I tre motori grafici di Halo Anniversary

I tre motori grafici di Halo Anniversary

Microsoft Italia ha organizzato un evento di presentazione di Halo Combat Evolved Anniversary, il remake del leggendario shooter del 2001. È stata un'occasione per collaudare alcuni equilibri di gioco della versione Anniversary e per avere un primo confronto con lo sviluppatore 343 Industries, che si sta occupando anche di Halo 4. Vediamo perché sono serviti ben tre motori grafici.

di Rosario Grasso pubblicato il nel canale Videogames
Microsoft
 

Kinect e Halo Waypoint

Sarà possibile interagire anche con Kinect, soprattutto attraverso i comandi vocali.
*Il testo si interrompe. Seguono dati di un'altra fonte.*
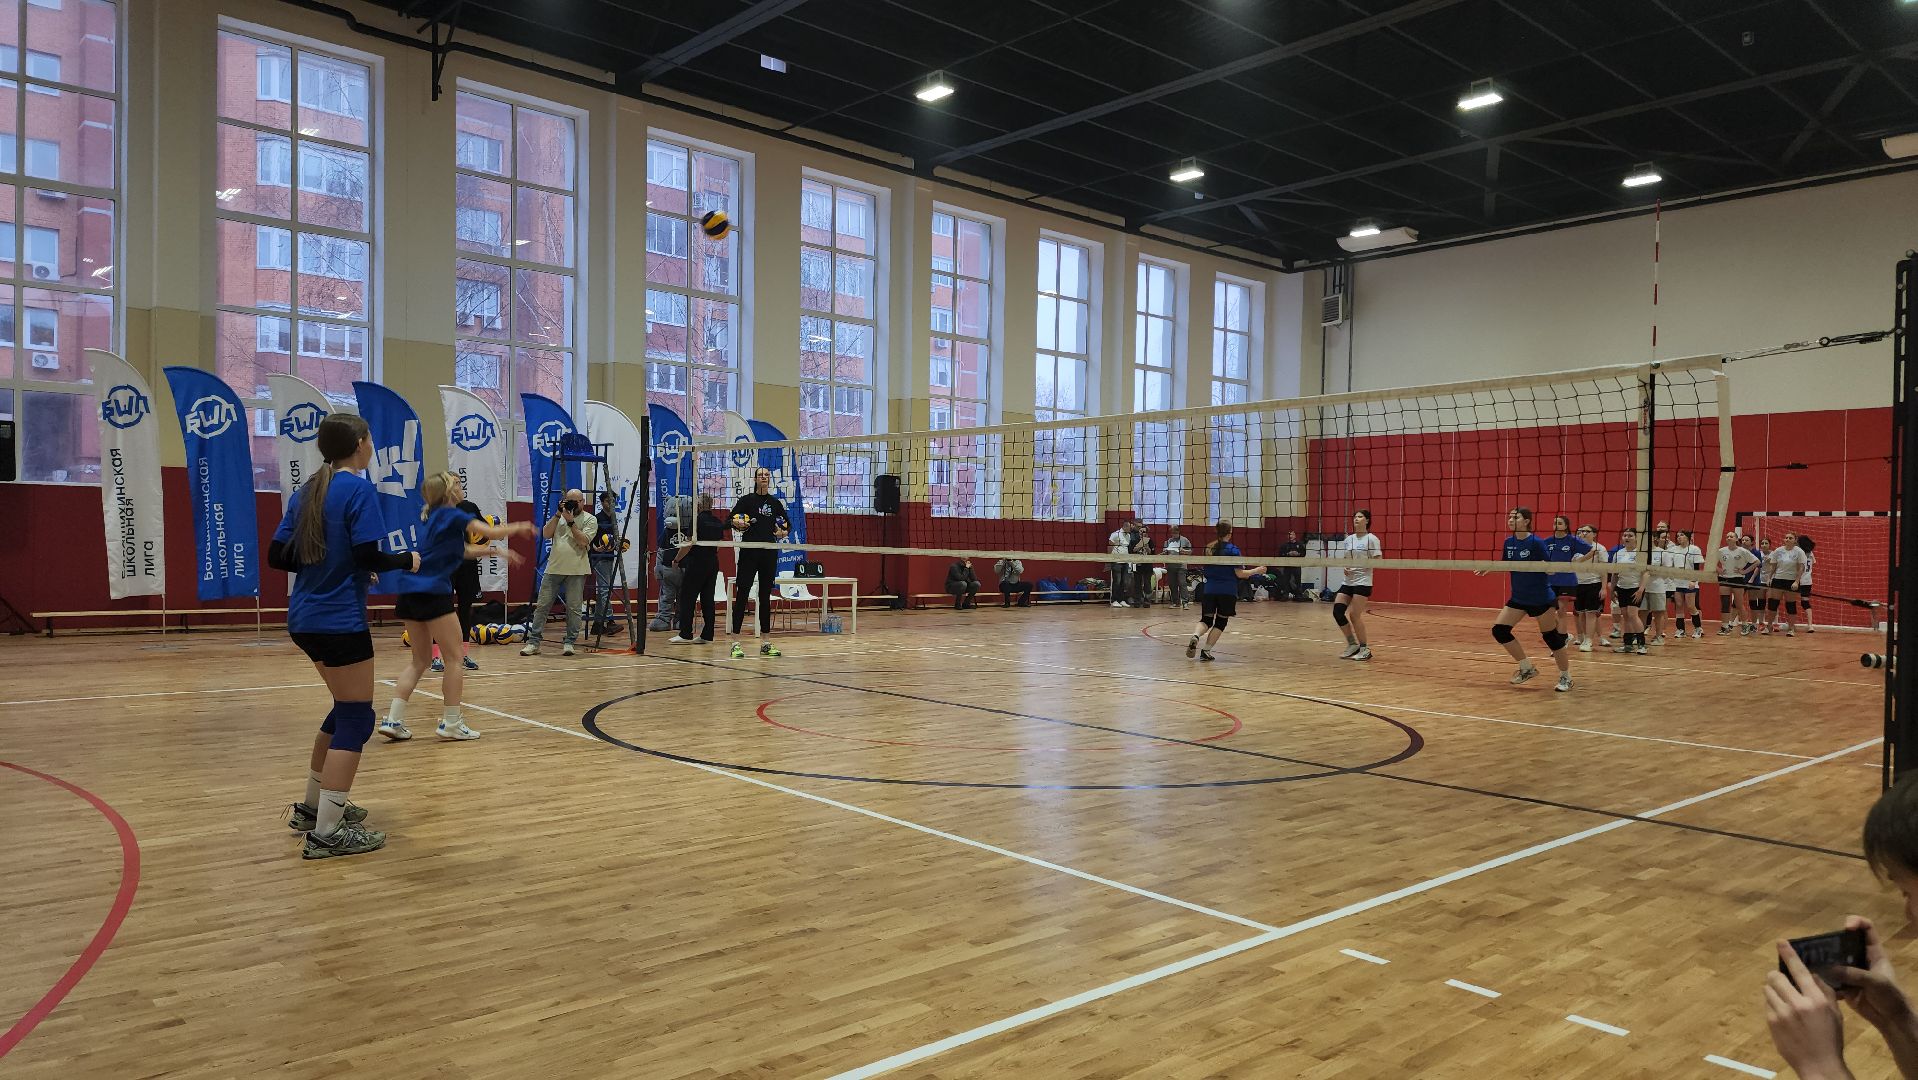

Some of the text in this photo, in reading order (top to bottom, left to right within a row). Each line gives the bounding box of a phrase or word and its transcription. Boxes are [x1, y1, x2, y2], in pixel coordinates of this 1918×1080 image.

Microsoft ha dettagliato recentemente questo tipo di supporto. La modalità più interessante è Analizza: consente ai giocatori di effettuare la scansione degli oggetti nel corso della campagna e di inserirli nella Biblioteca, ovvero l'enciclopedia interattiva di Halo. Sostanzialmente, il giocatore deve puntare il reticolo sugli oggetti che gli interessano e pronunciare il comando "esegui scansione", a quel punto avviene la memorizzazione nella Biblioteca.

Quest'ultima è un vasto indice che fornisce informazioni sugli oggetti di interesse raccolti dai giocatori. Tra questi veicoli, personaggi, nemici e armi. Grazie all'uso dei gesti, inoltre, i giocatori possono esplorare l'intera Biblioteca. I comandi vocali, poi, possono essere utilizzati per ricaricare l'arma, lanciare granate, passare rapidamente dalla grafica moderna a quella classica.

Halo Anniversary poi include il supporto ad Halo Waypoint, il punto di riferimento per gli appassionati della serie esistente ormai dal 2009. Qui si possono ottenere informazioni sui giochi e il merchandising legato alla serie. Halo Waypoint sarà disponibile all'interno del remake del primo Halo attraverso una nuova interfaccia utente che consente di accedere ai contenuti tramite XBox 360 o con uno smartphone con sistema operativo Windows Phone.

C'è poi Halo Waypoint ATLAS, che sta per Advanced Tactical Assault System. Si tratta di una nuova esperienza sociale pensata per i telefoni cellulari che offre ai giocatori una vista dall'alto delle mappe di Halo Anniversary e di Halo Reach, consentendo loro di controllare i movimenti e le posizioni dei compagni di squadra nel corso del gioco. È un'applicazione pensata per incoraggiare il gioco strategico che fornisce, durante le sessioni di gioco multiplayer, una nuova prospettiva sulle partite e uno strumento di ulteriore interazione.

Halo dunque si conferma come un franchise che travalica il semplice concetto di videogioco, abbracciando altri campi. Ci sono romanzi, fumetti, graphic novel e avrebbe dovuto esserci anche un film. Questo progetto, purtroppo, non è mai stato portato a compimento, nonostante i lavori, infruttuosi, su una sceneggiatura che venisse incontro ai gusti del pubblico videoludico.

Il fascino di Halo è poi inevitabilmente legato al carisma del suo inossidabile protagonista, quel Master Chief che tornerà anche in Halo 4, come mostra il trailer di presentazione del gioco mostrato all'E3. Master Chief è un soldato geneticamente modificato ed è uno degli ultimi supersiti di un progetto segreto, chiamati Spartan II, creati dagli umani inizialmente per proteggere le colonie del giovane impero interstellare.

Gli avversari dell'UNSC sono i Covenant, uniti da una fede religiosa che impone loro di combattere la razza umana poiché non considerata degna di intraprendere quello che loro chiamano il "grande viaggio". Gli Spartan furono quasi tutti uccisi nella battaglia svoltasi sul pianeta Reach, secondo le vicende raccontate dall'omonimo gioco. Solo Master Chief riuscì a fuggire a bordo della nave Pillar of Autumn, guidata dal capitano Keyes. La nave si fece inseguire dalla flotta Covenant nello spazio profondo per non far scoprire agli alieni la posizione della Terra, e si imbatté in un gigantesco pianeta artificiale a forma di anello, che dà nome all'intera serie. Qui cominciano le vicende del primo Halo, suddiviso in 10 capitoli.